Genus of flowering plants

Dryas is a genus of perennial cushion-forming evergreen dwarf shrubs in the family Rosaceae, native to the arctic and alpine regions of Europe, Asia and North America. The genus is named after the dryads, the tree nymphs of ancient Greek mythology. The classification of Dryas within the Rosaceae has been unclear. The genus was formerly placed in the subfamily Rosoideae, but is now placed in subfamily Dryadoideae.

The species are superficially similar to Geum (with which they share the common name avens), Potentilla, and Fragaria (strawberry). However, Dryas are distinct in having flowers with eight petals (rarely seven or up to ten), instead of the five petals found in most other genera in the Rosaceae. The flowers are erect and white with a yellow centre (Dryas integrifolia, Dryas octopetala) or pendulous and all-yellow (Dryas drummondii), and held conspicuously above the small plants. This makes them very popular in rockeries and alpine gardens.
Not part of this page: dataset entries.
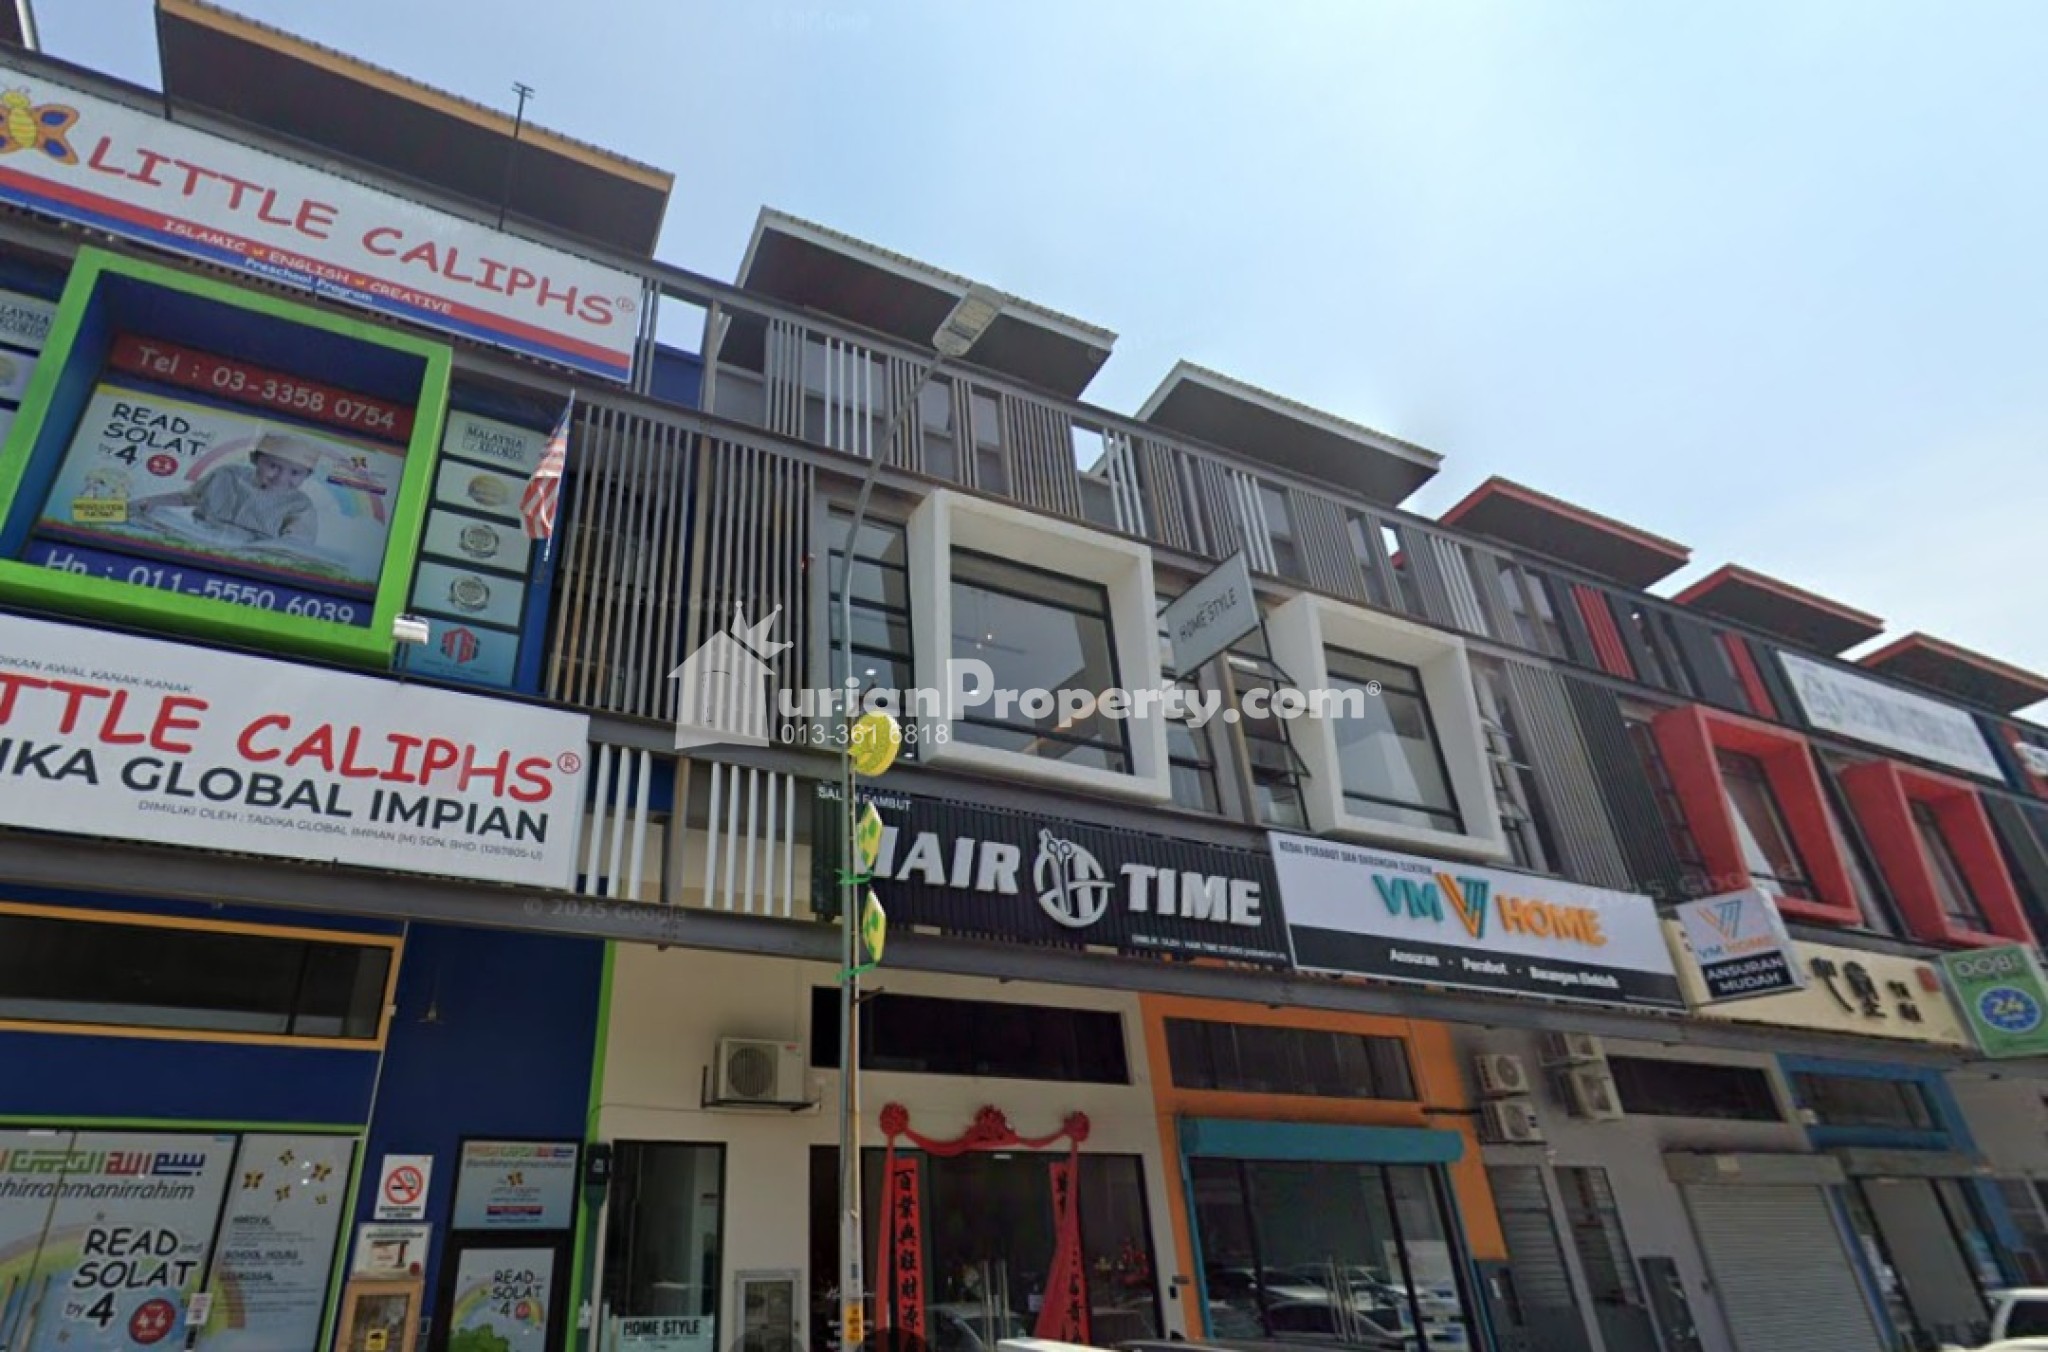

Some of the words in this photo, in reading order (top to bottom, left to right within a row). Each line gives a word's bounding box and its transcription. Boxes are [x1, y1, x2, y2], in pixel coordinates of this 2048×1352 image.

[88, 136, 339, 239] LITTLE
[164, 221, 246, 251] ISLAMIC
[268, 251, 351, 281] ENGLISH
[369, 281, 453, 314] CREATIVE
[245, 257, 313, 284] Preschool
[316, 278, 373, 303] Program
[138, 346, 177, 375] Tel
[211, 366, 324, 412] 03-3358
[334, 399, 395, 430] 0754
[112, 402, 190, 435] READ
[103, 422, 206, 456] SOLAT
[114, 445, 138, 466] 4
[44, 663, 86, 678] AWAL
[121, 756, 352, 818] GLOBAL
[369, 789, 549, 844] IMPIAN
[199, 807, 237, 821] OLEH
[247, 814, 295, 829] TADIKA
[297, 820, 348, 835] GLOBAL
[1120, 863, 1261, 927] TIME
[1372, 873, 1443, 922] VM
[1495, 894, 1608, 947] HOME
[1706, 956, 1783, 980] ANSURAN
[1955, 954, 2018, 977] DOBI
[1719, 972, 1780, 992] MUDAH
[84, 1228, 179, 1256] READ
[72, 1261, 197, 1288] SOLAT
[494, 1269, 535, 1284] READ
[491, 1284, 543, 1299] SOLAT
[65, 1302, 85, 1315] by
[86, 1292, 115, 1327] 4
[500, 1301, 511, 1316] 4
[623, 1320, 660, 1336] HOME
[662, 1319, 701, 1336] STYLE
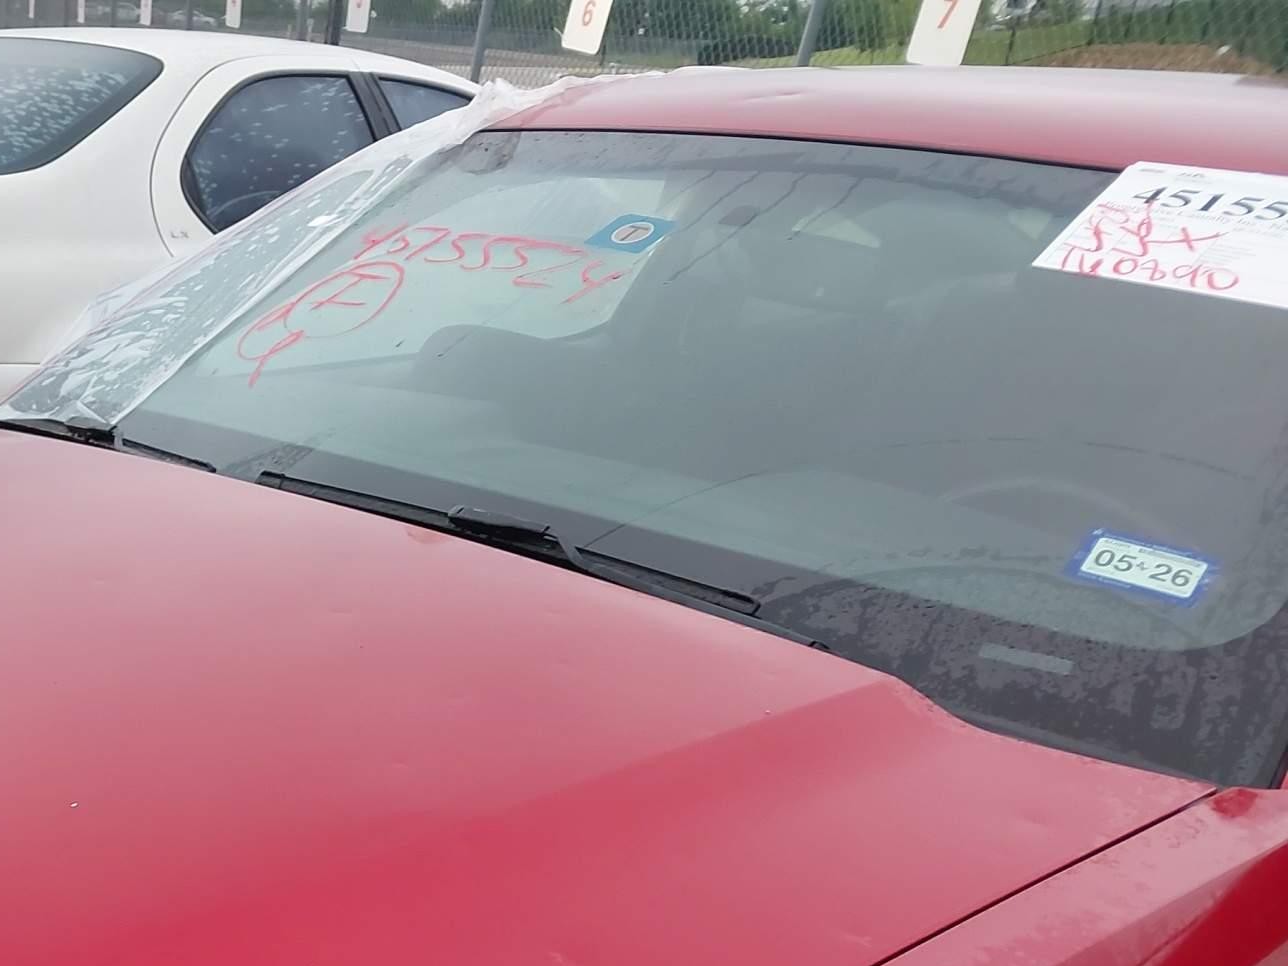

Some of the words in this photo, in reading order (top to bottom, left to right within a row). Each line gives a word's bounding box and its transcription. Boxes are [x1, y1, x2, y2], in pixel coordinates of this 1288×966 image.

[583, 0, 596, 26] 6
[937, 0, 959, 29] 7
[1094, 549, 1137, 572] 05
[1149, 563, 1193, 587] 26
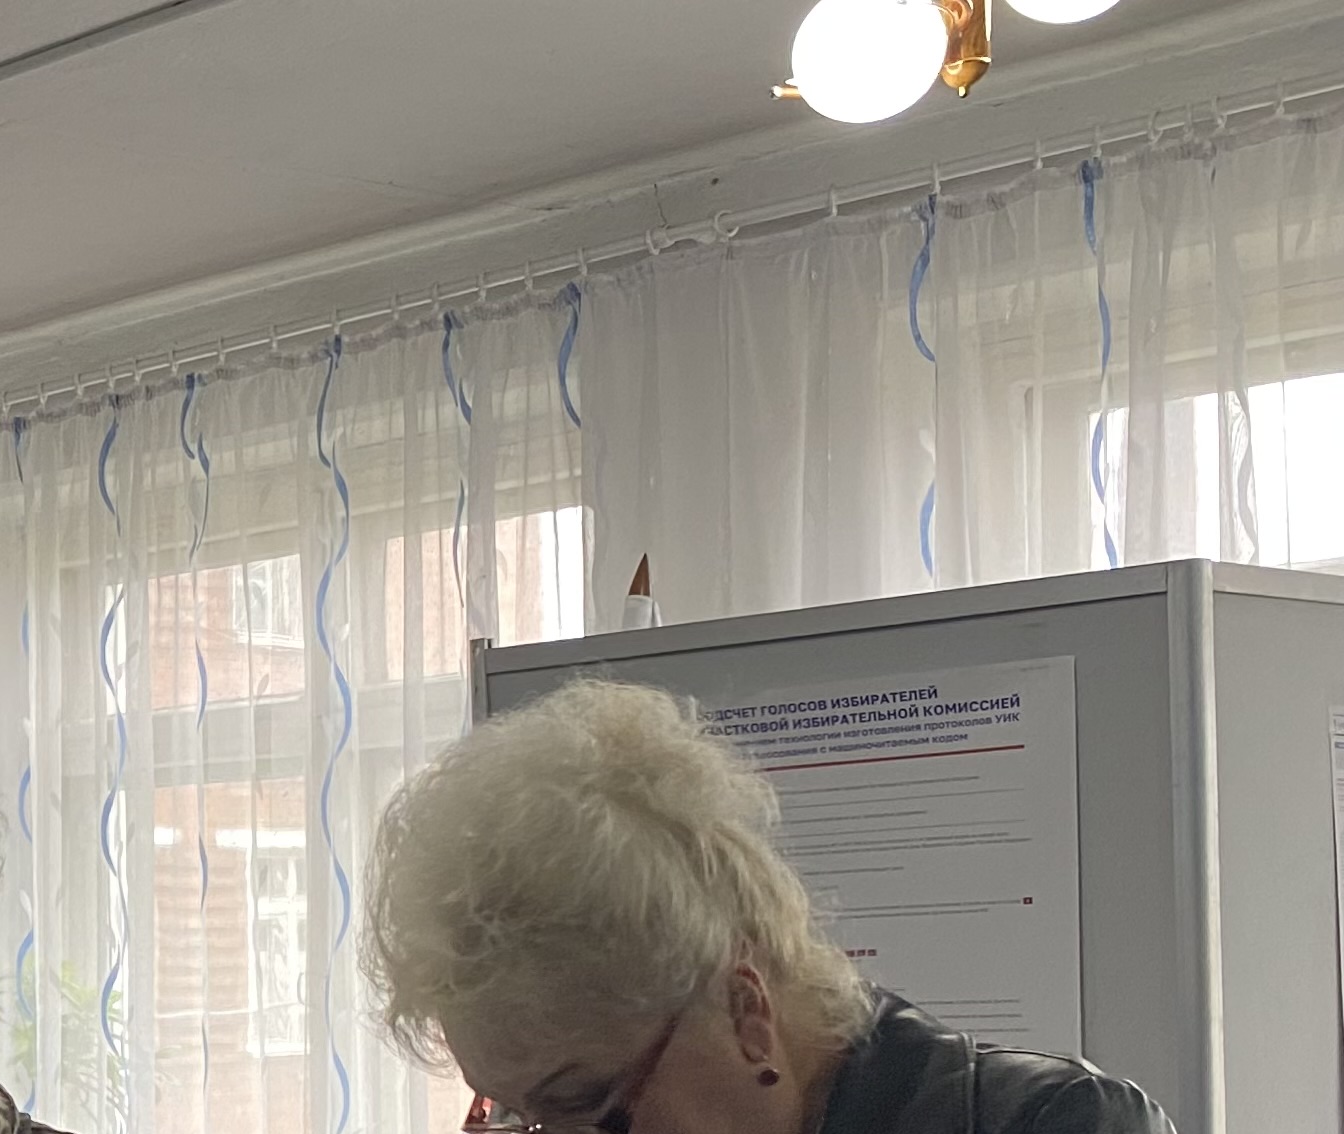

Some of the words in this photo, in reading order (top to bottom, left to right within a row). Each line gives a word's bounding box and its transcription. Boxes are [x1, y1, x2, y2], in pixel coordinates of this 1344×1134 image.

[760, 699, 828, 717] ГОЛОСОВ
[830, 685, 939, 709] ИЗБИРАТЕЛЕЙ
[792, 703, 919, 730] ИЗБИРАТЕЛЬНОЙ
[923, 693, 1021, 718] КОМИССИЕЙ
[778, 731, 842, 744] технологии
[843, 721, 922, 739] изготовления
[923, 716, 993, 732] протоколов
[994, 712, 1021, 725] УИК
[931, 733, 969, 746] кодом
The hybrid Dryas × suendermannii, with cream coloured flowers, has gained the Royal Horticultural Society's Award of Garden Merit.

Dryas tolerates a wide variety of unshaded habitats, including alpine situations with sand or gravel substrate, similar substrates in flat tundra lowlands, and also fen habitats upon organic substrate where some shading from adjacent sedges or shrubs may occur.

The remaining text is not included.